• _Exercise_:
Since the copy must match the original, write out each record word for word, skipping only the pictures.

(Saved entries)
((

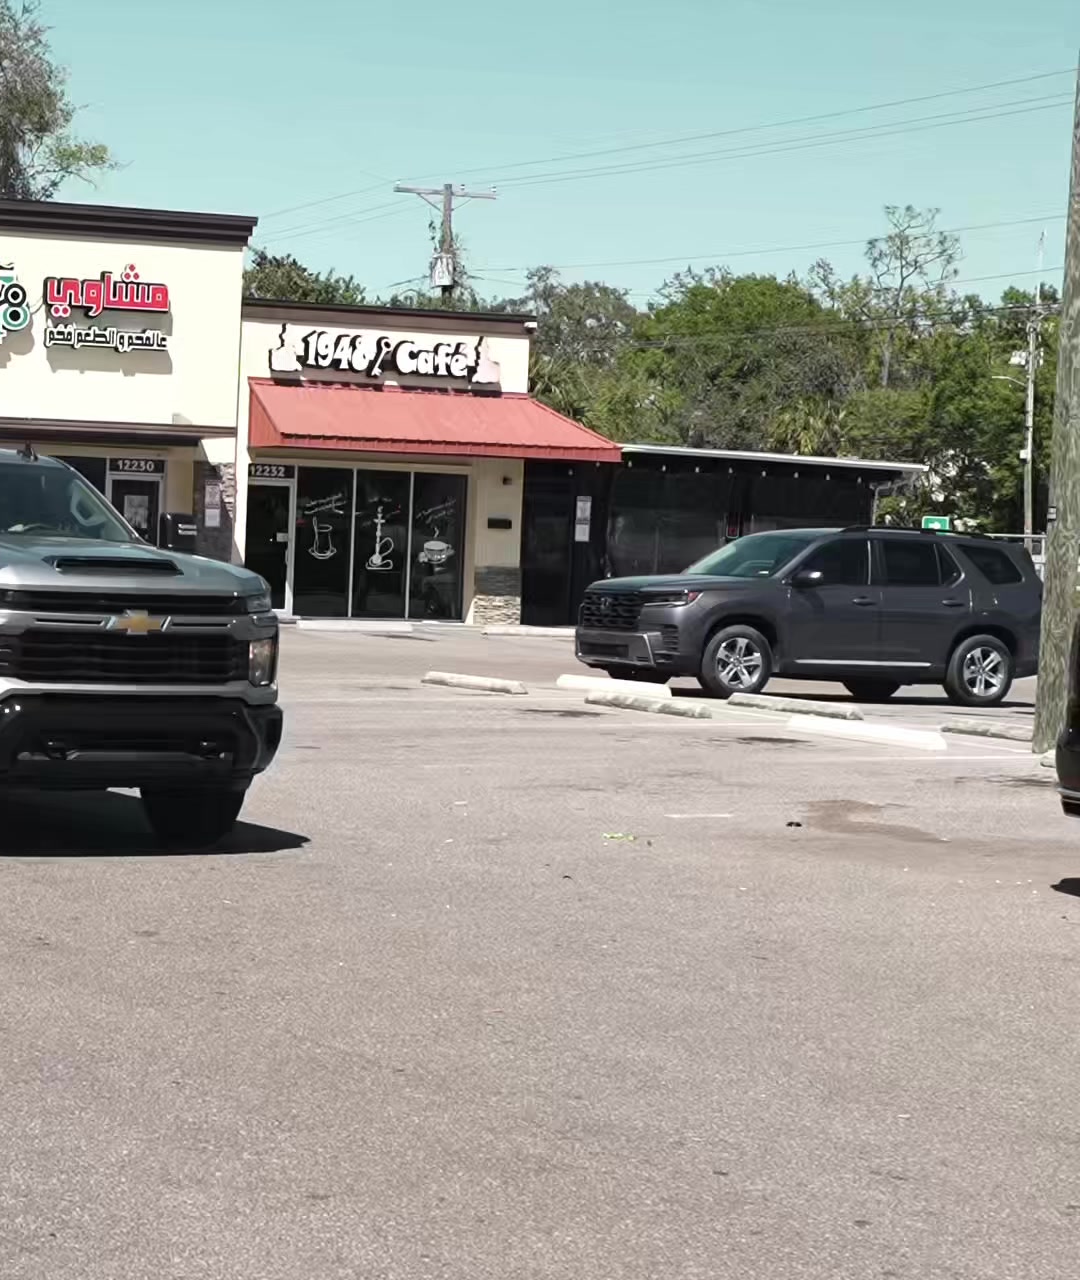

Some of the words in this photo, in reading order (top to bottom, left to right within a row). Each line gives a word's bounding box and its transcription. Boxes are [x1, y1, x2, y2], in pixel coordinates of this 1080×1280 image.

[47, 263, 169, 317] مشاوي
[304, 330, 370, 371] 1948
[396, 341, 468, 377] Café
[118, 459, 155, 472] 12230
[250, 465, 285, 478] 12232

))

• _Written solution_:
Some of the words in this photo, in reading order (top to bottom, left to right within a row). Each line gives a word's bounding box and its transcription. Boxes are [x1, y1, x2, y2], in pixel coordinates of this 1080×1280 image.

[47, 263, 169, 317] مشاوي
[304, 330, 370, 371] 1948
[396, 341, 468, 377] Café
[118, 459, 155, 472] 12230
[250, 465, 285, 478] 12232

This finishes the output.